Lonely Planet review
At the southwest end of Passeig del Born stands the apse of Barcelona’s finest Catalan Gothic church, Santa Maria del Mar (Our Lady of the Sea). Built in the 14th century with record-breaking alacrity for the time (it took just 54 years), the church is remarkable for its architectural harmony and simplicity.
Its construction started in 1329, with Berenguer de Montagut and Ramon Despuig being the architects in charge. During the construction, the city’s porters (bastaixos) spent a day each week carrying on their backs the stone required to build the church from royal quarries in Montjuïc. Their memory lives on in reliefs of them in the main doors and stone carvings elsewhere in the church. The walls, the side chapels and the facades were finished by 1350 and the entire structure was completed in 1383.
The exterior of Santa Maria del Mar gives an impression of sternness, and like many of the buildings in the old part of town, it suffers from the impossibility of an overall perspective – the narrow streets around it are restrictive and claustrophobic.
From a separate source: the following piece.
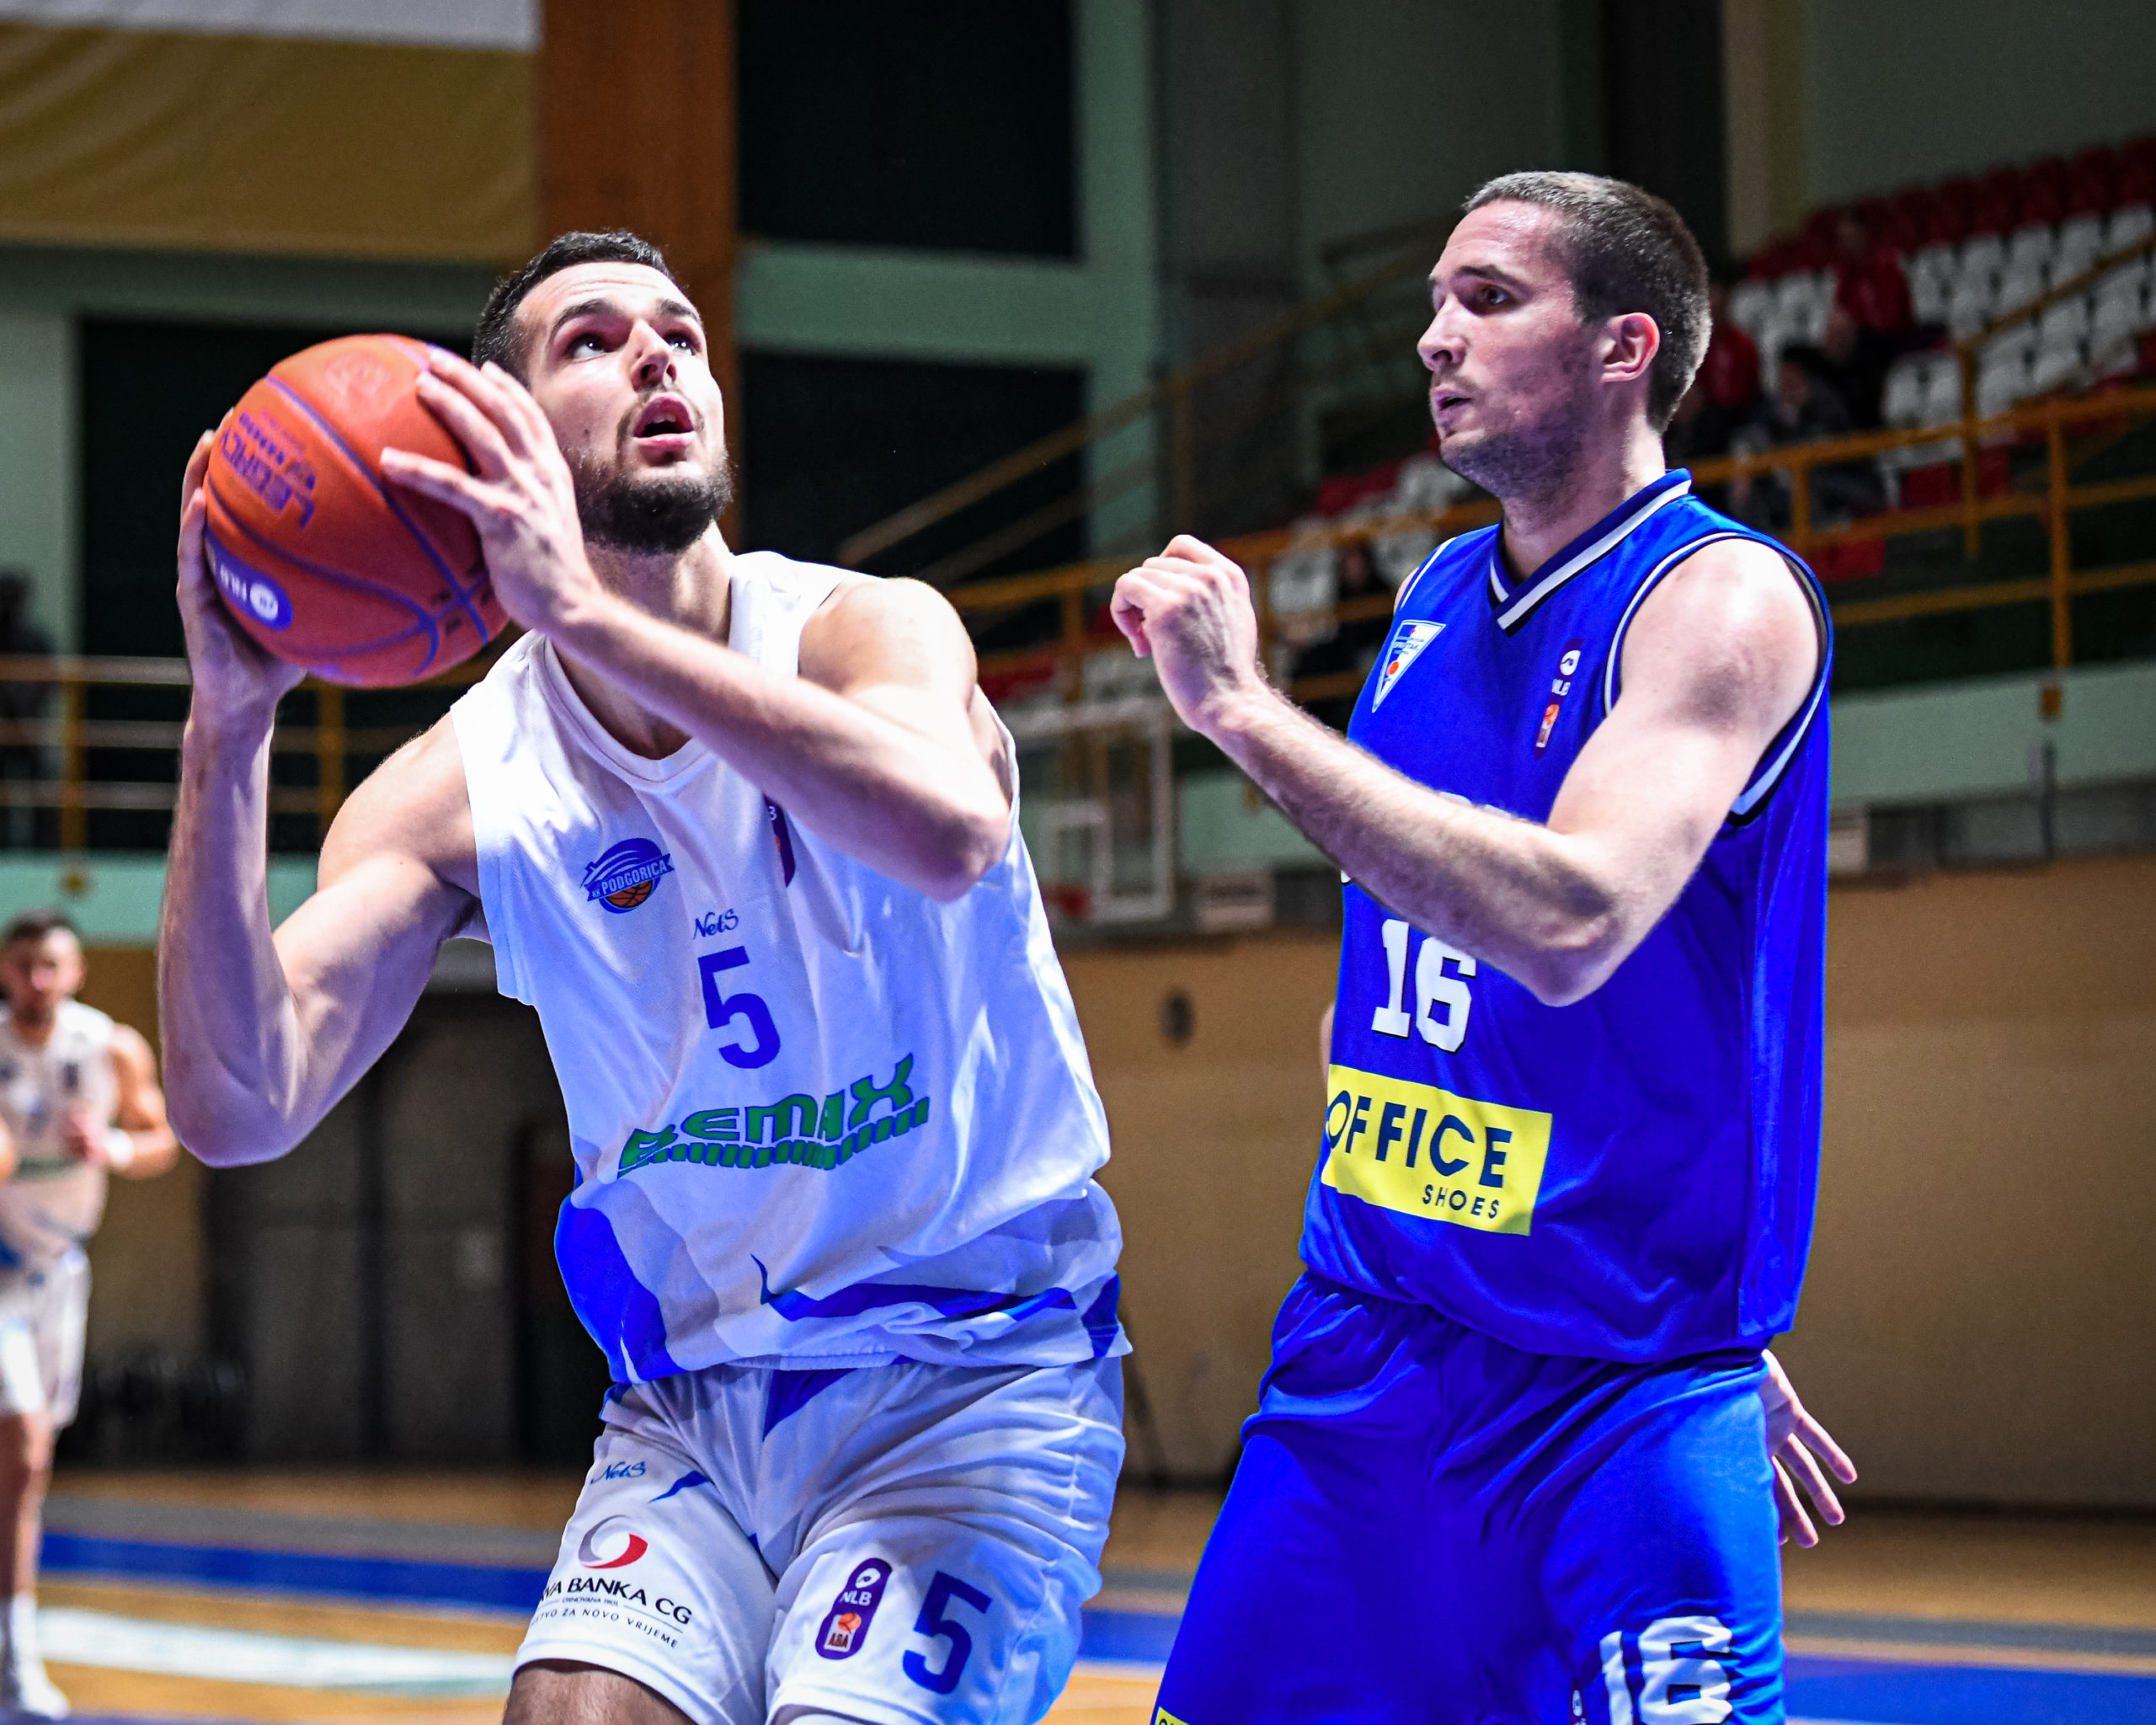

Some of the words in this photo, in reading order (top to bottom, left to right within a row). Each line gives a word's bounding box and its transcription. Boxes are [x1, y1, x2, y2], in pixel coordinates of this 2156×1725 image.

It may come as a (pleasant) surprise then, to find a spacious and light interior – the central nave and two flanking aisles separated by slender octagonal pillars give an enormous sense of lateral space.
The interior is almost devoid of imagery of the sort to be found in Barcelona's other large Gothic churches, but Santa Maria was lacking in superfluous decoration even before anarchists gutted it in 1909 and 1936.
Opposite the church’s southern flank, an eternal flame burns brightly over an apparently anonymous sunken square. This was once El Fossar de les Moreres (The Mulberry Cemetery), the site of a Roman cemetery. It’s also where Catalan resistance fighters were buried after the siege of Barcelona ended in defeat in September 1714.
Keep an eye out for music recitals, often baroque and classical. In summer you can visit the roof terrace as part of a guided tour (€5)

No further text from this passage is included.